TASK DIRECTIONS
An exact copy of every entry is needed, with no images.

DATA PROVIDED
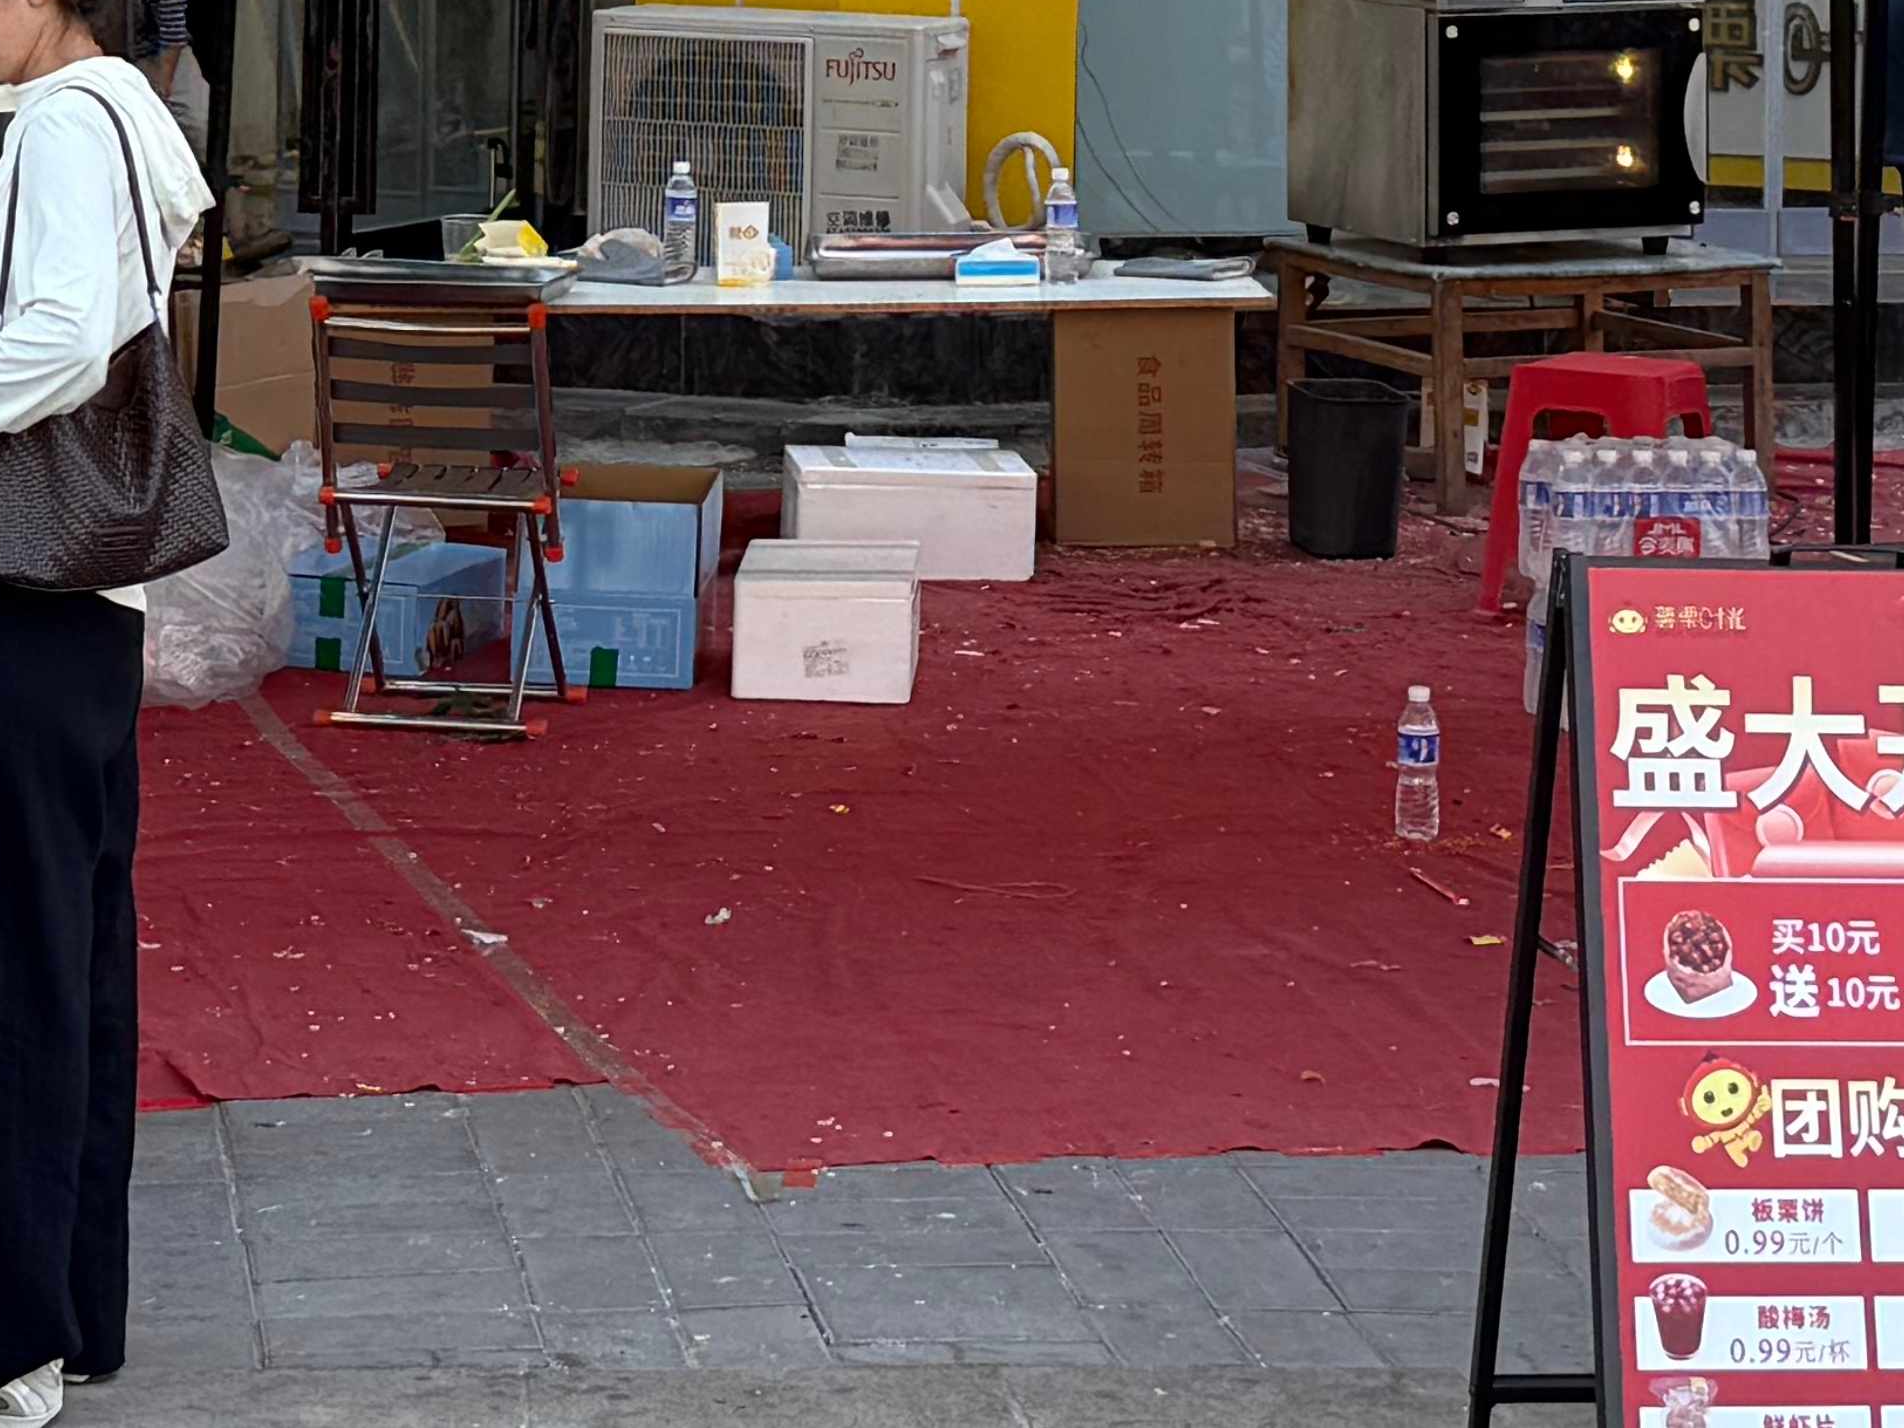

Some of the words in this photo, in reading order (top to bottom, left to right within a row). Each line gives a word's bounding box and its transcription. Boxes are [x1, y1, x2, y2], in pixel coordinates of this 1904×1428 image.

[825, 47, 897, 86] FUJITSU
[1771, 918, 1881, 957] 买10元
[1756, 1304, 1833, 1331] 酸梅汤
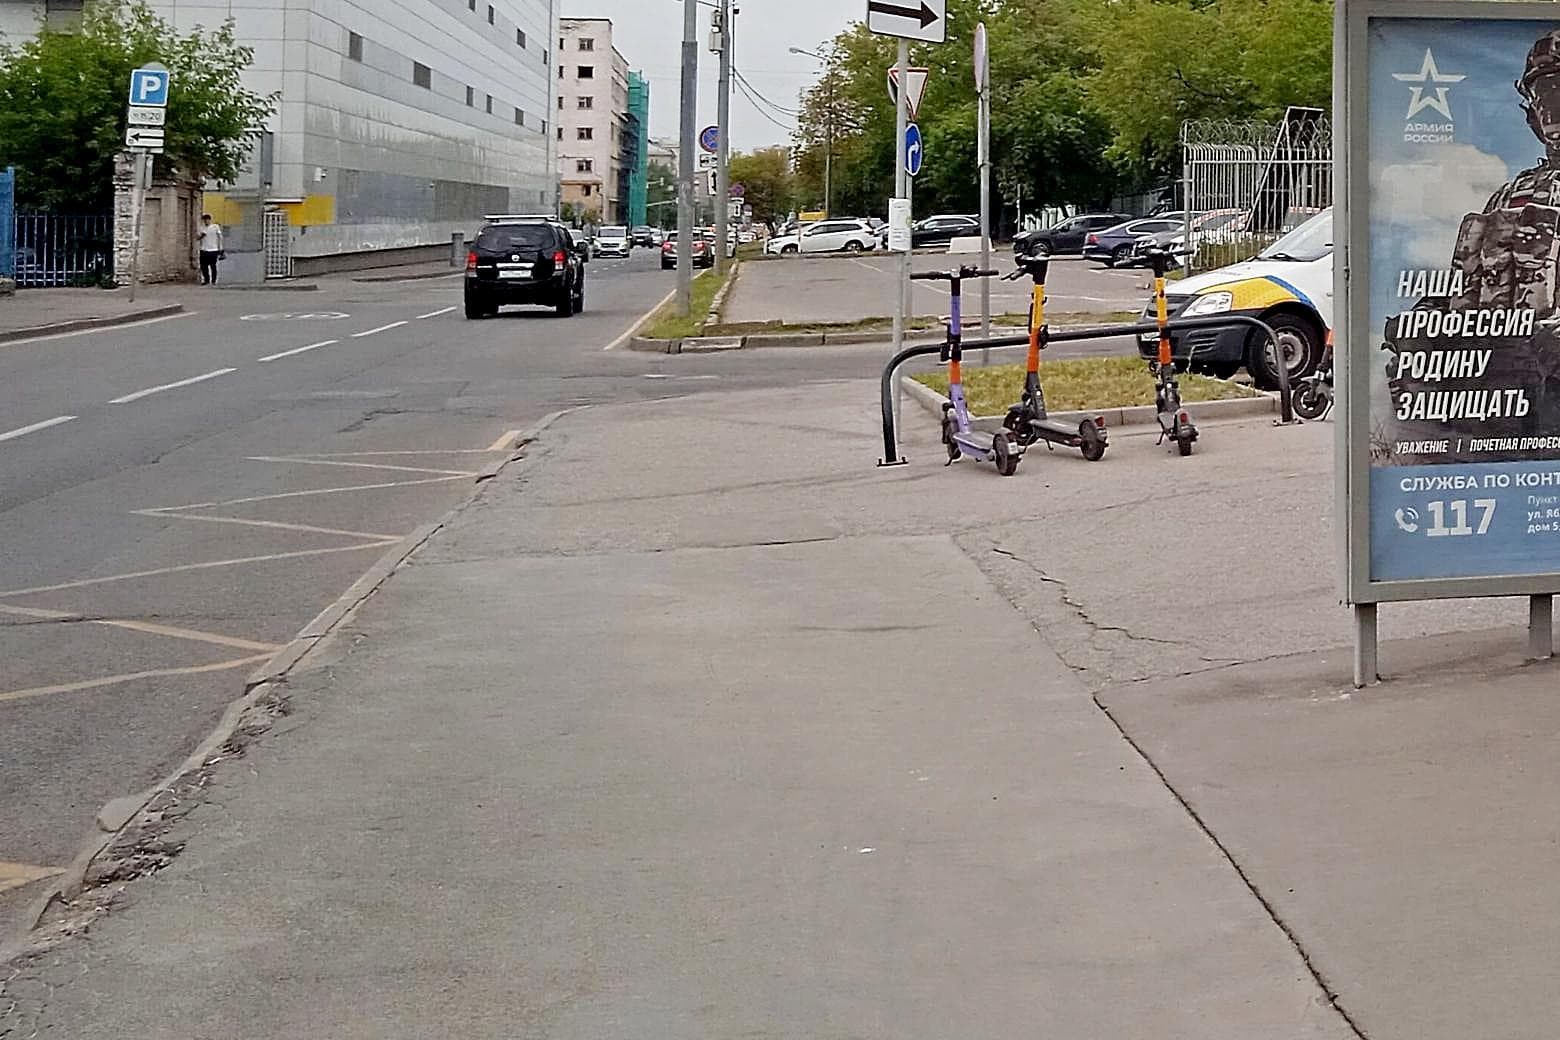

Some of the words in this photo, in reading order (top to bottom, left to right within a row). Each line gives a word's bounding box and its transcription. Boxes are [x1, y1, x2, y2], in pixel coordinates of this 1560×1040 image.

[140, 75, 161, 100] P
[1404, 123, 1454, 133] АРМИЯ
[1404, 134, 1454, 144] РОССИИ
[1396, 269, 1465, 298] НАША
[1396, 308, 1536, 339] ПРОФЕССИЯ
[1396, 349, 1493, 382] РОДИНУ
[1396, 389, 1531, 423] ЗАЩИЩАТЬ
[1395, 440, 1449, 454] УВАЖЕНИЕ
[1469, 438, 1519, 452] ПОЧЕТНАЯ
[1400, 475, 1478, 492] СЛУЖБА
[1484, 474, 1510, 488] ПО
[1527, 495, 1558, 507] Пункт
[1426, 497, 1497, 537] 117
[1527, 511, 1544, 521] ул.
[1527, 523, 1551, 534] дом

RESPONSE
Some of the words in this photo, in reading order (top to bottom, left to right within a row). Each line gives a word's bounding box and its transcription. Boxes are [x1, y1, x2, y2], in pixel coordinates of this 1904×1428 image.

[825, 47, 897, 86] FUJITSU
[1771, 918, 1881, 957] 买10元
[1756, 1304, 1833, 1331] 酸梅汤

Some of the words in this photo, in reading order (top to bottom, left to right within a row). Each line gives a word's bounding box and its transcription. Boxes are [x1, y1, x2, y2], in pixel coordinates of this 1560×1040 image.

[140, 75, 161, 100] P
[1404, 123, 1454, 133] АРМИЯ
[1404, 134, 1454, 144] РОССИИ
[1396, 269, 1465, 298] НАША
[1396, 308, 1536, 339] ПРОФЕССИЯ
[1396, 349, 1493, 382] РОДИНУ
[1396, 389, 1531, 423] ЗАЩИЩАТЬ
[1395, 440, 1449, 454] УВАЖЕНИЕ
[1469, 438, 1519, 452] ПОЧЕТНАЯ
[1400, 475, 1478, 492] СЛУЖБА
[1484, 474, 1510, 488] ПО
[1527, 495, 1558, 507] Пункт
[1426, 497, 1497, 537] 117
[1527, 511, 1544, 521] ул.
[1527, 523, 1551, 534] дом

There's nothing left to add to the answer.